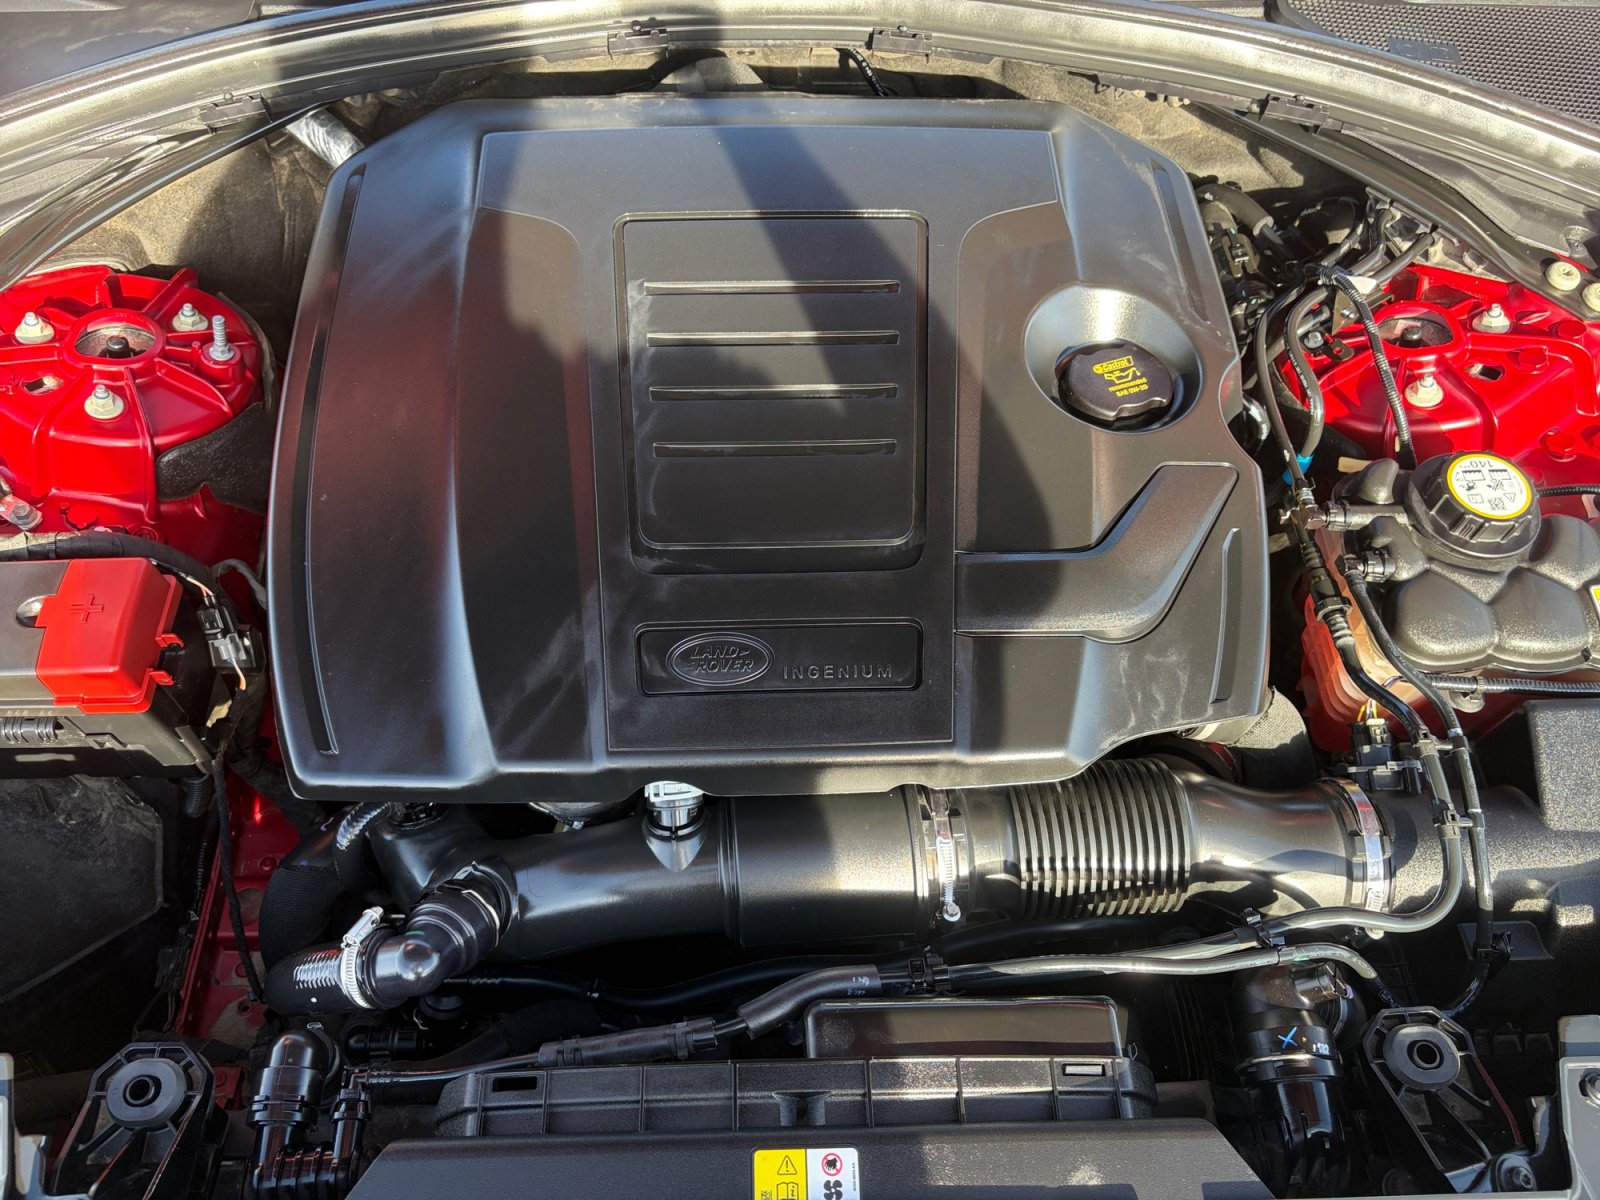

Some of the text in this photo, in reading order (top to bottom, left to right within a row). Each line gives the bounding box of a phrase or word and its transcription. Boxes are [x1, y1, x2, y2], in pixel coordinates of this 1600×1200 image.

[1102, 358, 1129, 371] Castrol
[690, 645, 738, 659] LAND
[696, 658, 754, 673] ROVER
[783, 664, 893, 680] INGENIUM
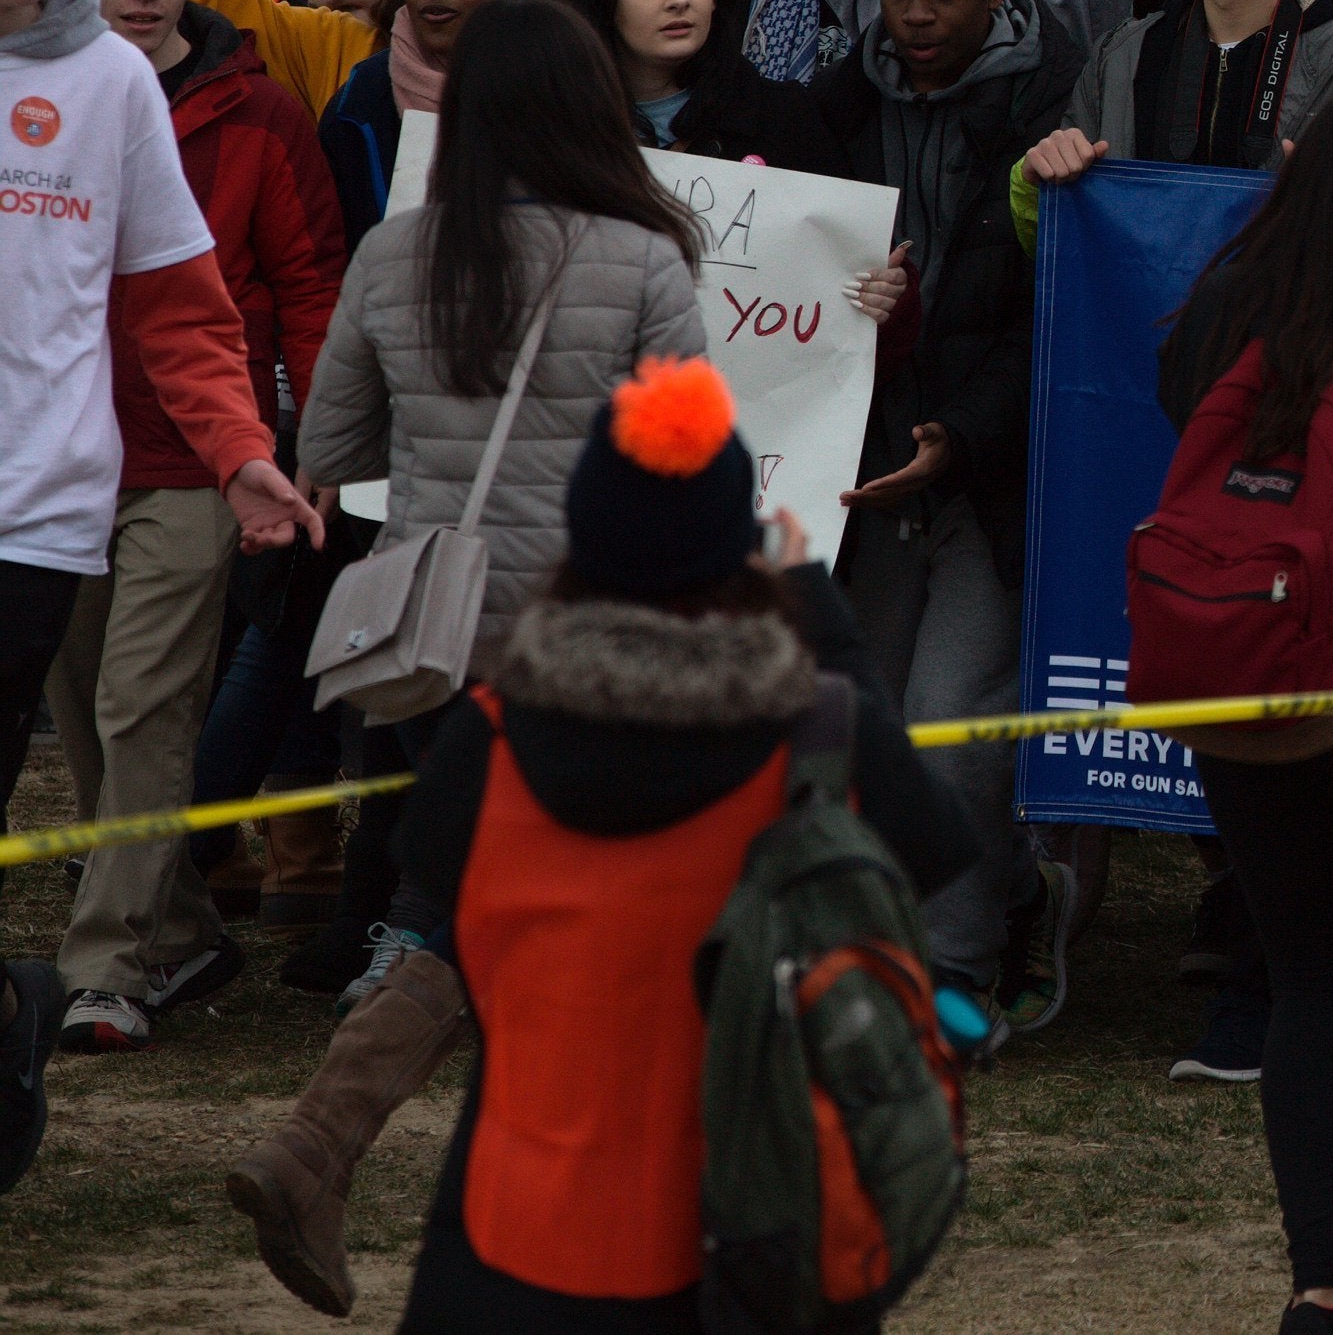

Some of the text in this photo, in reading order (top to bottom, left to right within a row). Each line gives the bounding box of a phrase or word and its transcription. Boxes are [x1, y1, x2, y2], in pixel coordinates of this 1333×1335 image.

[1259, 31, 1289, 120] EOS DIGITAL
[17, 106, 55, 119] ENOUGH
[54, 175, 72, 190] 24
[723, 288, 822, 346] YOU
[1087, 769, 1171, 793] FOR GUN
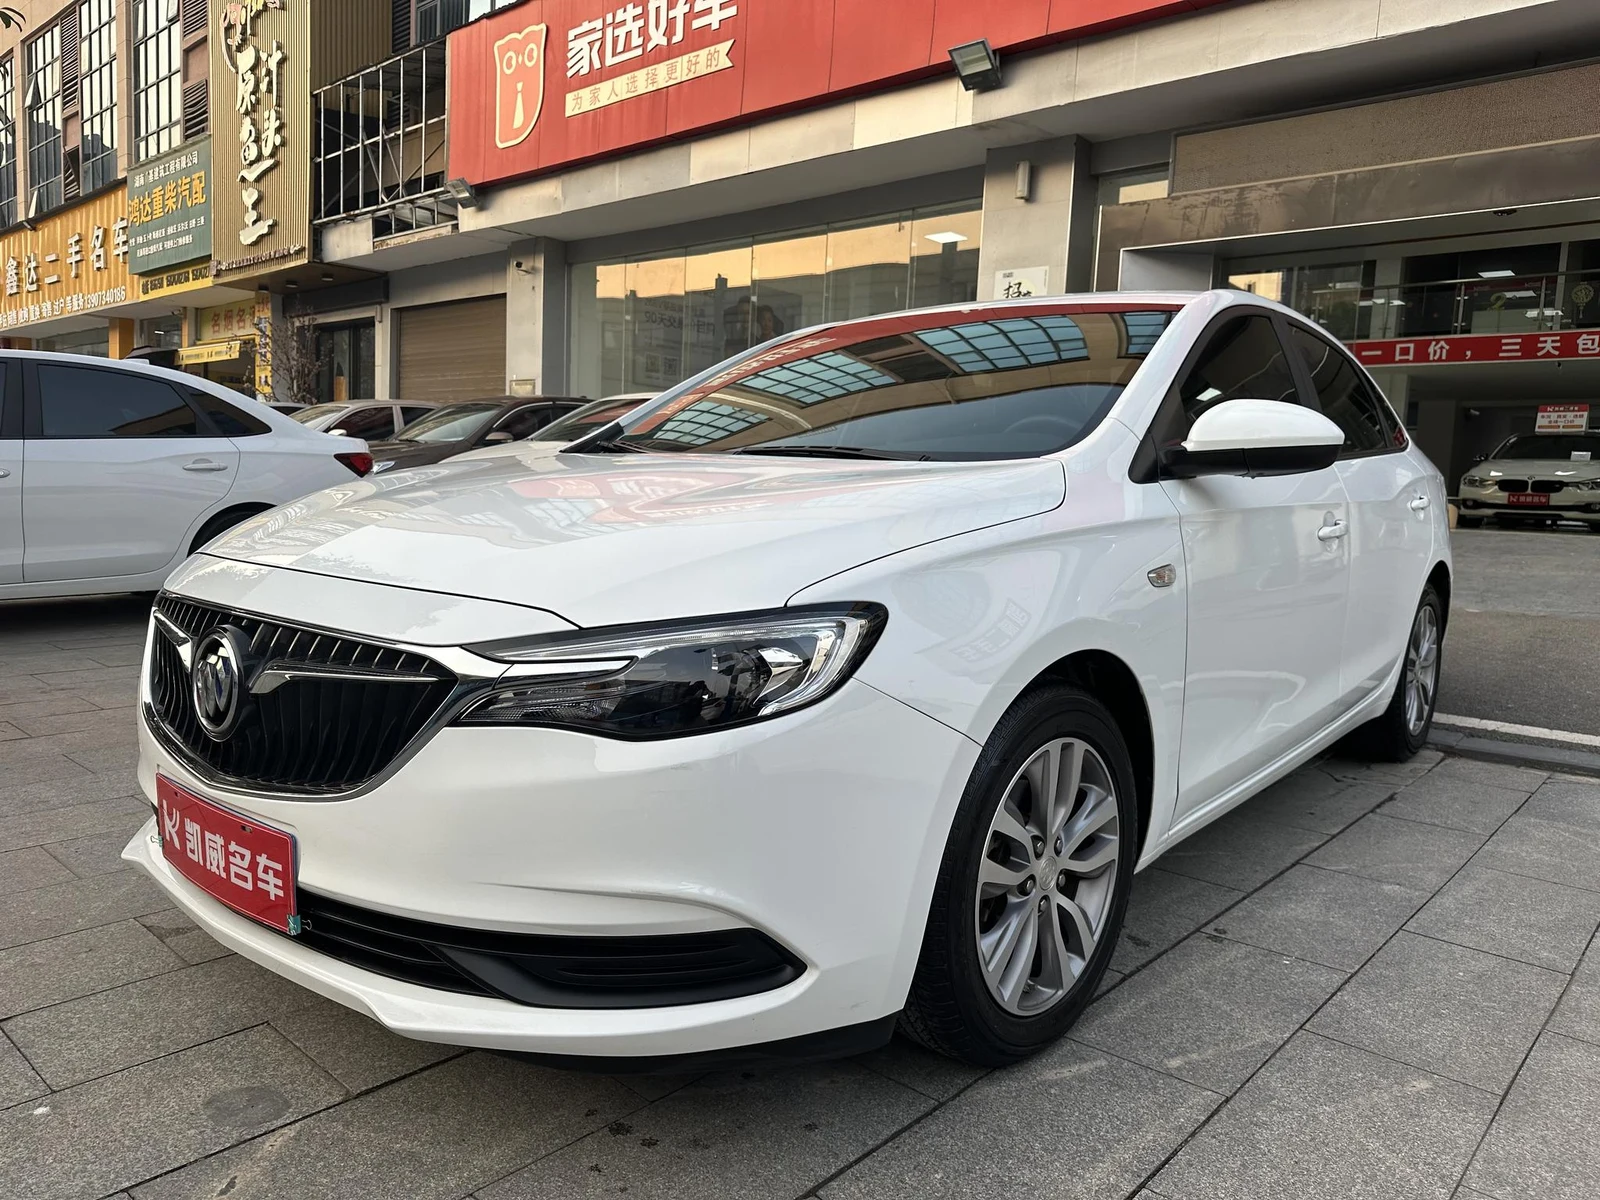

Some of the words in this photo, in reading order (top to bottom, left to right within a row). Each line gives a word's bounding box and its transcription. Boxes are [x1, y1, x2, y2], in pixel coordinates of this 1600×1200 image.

[566, 0, 738, 79] 家选好车
[571, 47, 721, 113] 为家人选择更好的
[128, 170, 207, 227] 鸿达重柴汽配
[134, 150, 198, 188] 湖南基建筑工程有限公司
[6, 217, 128, 296] 鑫达二手名车
[184, 817, 284, 901] 凯威名车

* What is being asked:
The records need to be restated word for word, minus any images.

* Reply:
Some of the text in this photo, in reading order (top to bottom, left to right within a row). Each line gives the bounding box of a phrase or word and its transcription. Boxes are [x1, y1, x2, y2], in pixel coordinates of this 1600×1200 image.

[1102, 358, 1129, 371] Castrol
[690, 645, 738, 659] LAND
[696, 658, 754, 673] ROVER
[783, 664, 893, 680] INGENIUM

Some of the text in this photo, in reading order (top to bottom, left to right within a row). Each line gives the bounding box of a phrase or word and its transcription. Boxes are [x1, y1, x2, y2], in pixel coordinates of this 1333×1335 image.

[1259, 31, 1289, 120] EOS DIGITAL
[17, 106, 55, 119] ENOUGH
[54, 175, 72, 190] 24
[723, 288, 822, 346] YOU
[1087, 769, 1171, 793] FOR GUN

Some of the words in this photo, in reading order (top to bottom, left to right within a row). Each line gives a word's bounding box and its transcription. Boxes are [x1, y1, x2, y2], in pixel coordinates of this 1600×1200 image.

[566, 0, 738, 79] 家选好车
[571, 47, 721, 113] 为家人选择更好的
[128, 170, 207, 227] 鸿达重柴汽配
[134, 150, 198, 188] 湖南基建筑工程有限公司
[6, 217, 128, 296] 鑫达二手名车
[184, 817, 284, 901] 凯威名车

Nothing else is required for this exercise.